Ten days after his twenty-first birthday, George was running for his life. Moments before, he'd been lining up his first shot of the day, trying to steady his beloved camera on the loose snow as he attempted to capture the majesty of the Lo-Manthang plateau when he’d heard a far-off noise that sounded to him like snapping timber. He turned slowly and looked up at the side of the mountain to see what had made the noise. As he scanned the peaks above him, his hearing picked up a far-off rumble as he saw what looked like swirling fog on the upper slopes.

His brain was trying to digest what his eyes were telling him, but nonetheless, he was rooted to the spot, watching nature unfold around him. George watched in silent horror as the slopes above started to advance towards him, gradually picking up speed and noise until an avalanche of sound was blasting his ears. It seemed he was stuck there for minutes, although it was only seconds before a distant voice spurred him into action. His eyes dropped back down the slope to the small fur-covered figure jumping up and down, waving his hands frantically in the air.

George could see his guide Barati shouting something at him, but his words were lost in the barrage of the avalanche. He knew what he was shouting and what he had to do as he snatched his camera out of the snow, throwing it over his shoulder as he bound for safety. Where Barati stood was a natural ledge that ran for several hundred metres across the upper slopes of the mountain. At the centre of the path lay a small opening that they had discovered minutes before, and now George was running as fast as his fur-lined boots would allow before he was swept away to his death.

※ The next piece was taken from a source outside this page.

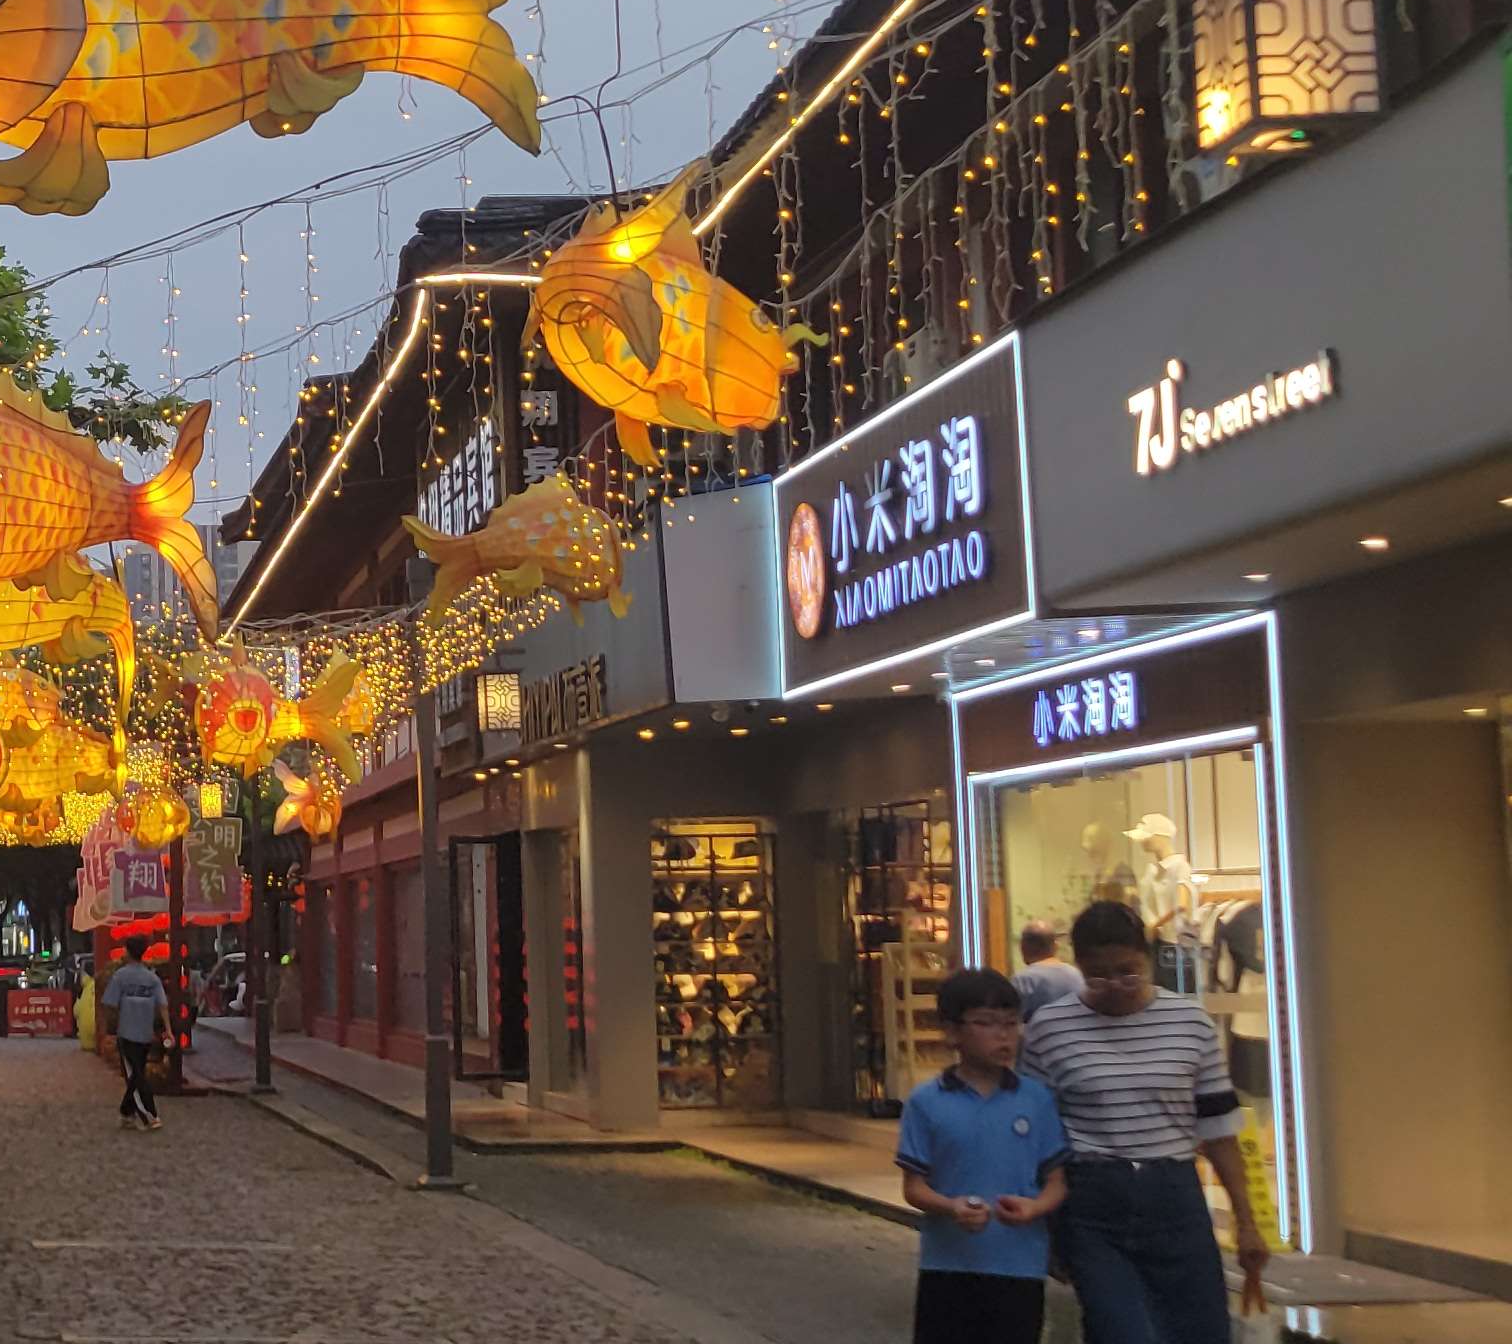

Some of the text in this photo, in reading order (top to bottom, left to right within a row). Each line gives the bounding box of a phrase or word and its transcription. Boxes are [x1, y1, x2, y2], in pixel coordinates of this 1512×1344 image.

The behemoth was now at full speed, covering the ground at sixty miles-per-hour, burying everything before it. George realised it was going to be too close to call as to whether he'd make it or not. Time seemed to slow as all he could see was a wall of white smoke flying towards him. He reached the ledge with seconds to spare as the other man grabbed him by the lapels of his jacket, propelling them both backwards into the cave just as the entrance was engulfed.

“Keep moving, Mr George,” Barati yelled, as they both scrambled further into the cave. The noise was phenomenal as the whole cave shook violently under the weight of the avalanche. Twenty feet inside the cave the two men lay immobile, looking back at the entrance as it vanished under the deluge, plunging the confines into inky-darkness.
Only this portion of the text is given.